5-Aza-2′-deoxycytidine protects against emphysema in mice via suppressing p16(Ink4a) expression in lung tissue

BACKGROUND: There is a growing realization that COPD, or at least emphysema, involves several processes presenting in aging and cellular senescence. Endothelial progenitor cells (EPCs) contribute to neovascularization and play an important role in the development of COPD. The gene for p16(Ink4a) is a major dominant senescence one. The aim of the present study was to observe changes in lung function, histomorphology of lung tissue, and expression of p16(Ink4a) in lung tissue and bone marrow-derived EPCs in emphysematous mice induced by cigarette-smoke extract (CSE), and further to search for a potential candidate agent protecting against emphysema induced by CSE. MATERIALS AND METHODS: An animal emphysema model was induced by intraperitoneal injection of CSE. 5-Aza-2′-deoxycytidine (5-Aza-CdR) was administered to the emphysematous mice. Lung function and histomorphology of lung tissue were measured. The p16(Ink4a) protein and mRNA in EPCs and lung tissues were detected using Western blotting and quantitative reverse-transcription polymerase chain reaction, respectively.

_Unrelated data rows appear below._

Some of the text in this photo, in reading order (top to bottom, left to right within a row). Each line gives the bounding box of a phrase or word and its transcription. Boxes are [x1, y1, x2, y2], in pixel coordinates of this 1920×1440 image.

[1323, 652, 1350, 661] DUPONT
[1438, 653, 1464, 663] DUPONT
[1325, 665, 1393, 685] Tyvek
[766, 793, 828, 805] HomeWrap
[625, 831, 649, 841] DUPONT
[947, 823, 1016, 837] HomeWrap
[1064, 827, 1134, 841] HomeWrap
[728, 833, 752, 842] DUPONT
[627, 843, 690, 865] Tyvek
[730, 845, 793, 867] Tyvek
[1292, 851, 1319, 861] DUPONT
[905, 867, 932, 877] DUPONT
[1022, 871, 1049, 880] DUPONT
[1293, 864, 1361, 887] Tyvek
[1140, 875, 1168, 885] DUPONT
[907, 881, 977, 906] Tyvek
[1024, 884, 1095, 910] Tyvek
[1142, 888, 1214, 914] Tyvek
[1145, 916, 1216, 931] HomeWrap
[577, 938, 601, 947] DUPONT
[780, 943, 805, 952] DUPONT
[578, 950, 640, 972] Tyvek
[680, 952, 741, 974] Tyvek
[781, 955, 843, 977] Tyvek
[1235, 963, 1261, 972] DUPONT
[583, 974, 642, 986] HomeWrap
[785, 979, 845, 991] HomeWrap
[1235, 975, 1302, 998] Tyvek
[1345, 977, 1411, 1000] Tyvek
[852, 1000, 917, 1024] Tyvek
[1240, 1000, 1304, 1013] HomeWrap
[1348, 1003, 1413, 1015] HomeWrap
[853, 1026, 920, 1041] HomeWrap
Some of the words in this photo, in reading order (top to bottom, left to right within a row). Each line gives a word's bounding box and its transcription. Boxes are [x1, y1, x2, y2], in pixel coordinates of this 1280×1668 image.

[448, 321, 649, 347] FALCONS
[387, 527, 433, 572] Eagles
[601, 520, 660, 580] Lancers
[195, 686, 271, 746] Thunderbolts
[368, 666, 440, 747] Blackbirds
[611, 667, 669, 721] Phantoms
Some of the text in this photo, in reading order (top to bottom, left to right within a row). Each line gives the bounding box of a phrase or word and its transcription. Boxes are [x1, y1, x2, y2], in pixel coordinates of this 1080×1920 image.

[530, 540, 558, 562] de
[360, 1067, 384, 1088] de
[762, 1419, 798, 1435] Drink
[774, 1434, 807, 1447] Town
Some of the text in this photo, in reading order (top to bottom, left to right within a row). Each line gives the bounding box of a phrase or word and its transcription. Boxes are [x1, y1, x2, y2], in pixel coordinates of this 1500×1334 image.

RESULTS: CSE induced emphysema with increased p16(Ink4a) expression in lung tissue and bone marrow-derived EPCs. 5-Aza-CdR partly protected against emphysema, especially in the lung-morphology profile, and partly protest against the overexpression of p16(Ink4a) in EPCs and lung tissue induced by CSE. CONCLUSION: 5-Aza-CdR partly protected against emphysema in mice via suppressing p16(Ink4a) expression in EPCs and lung tissue.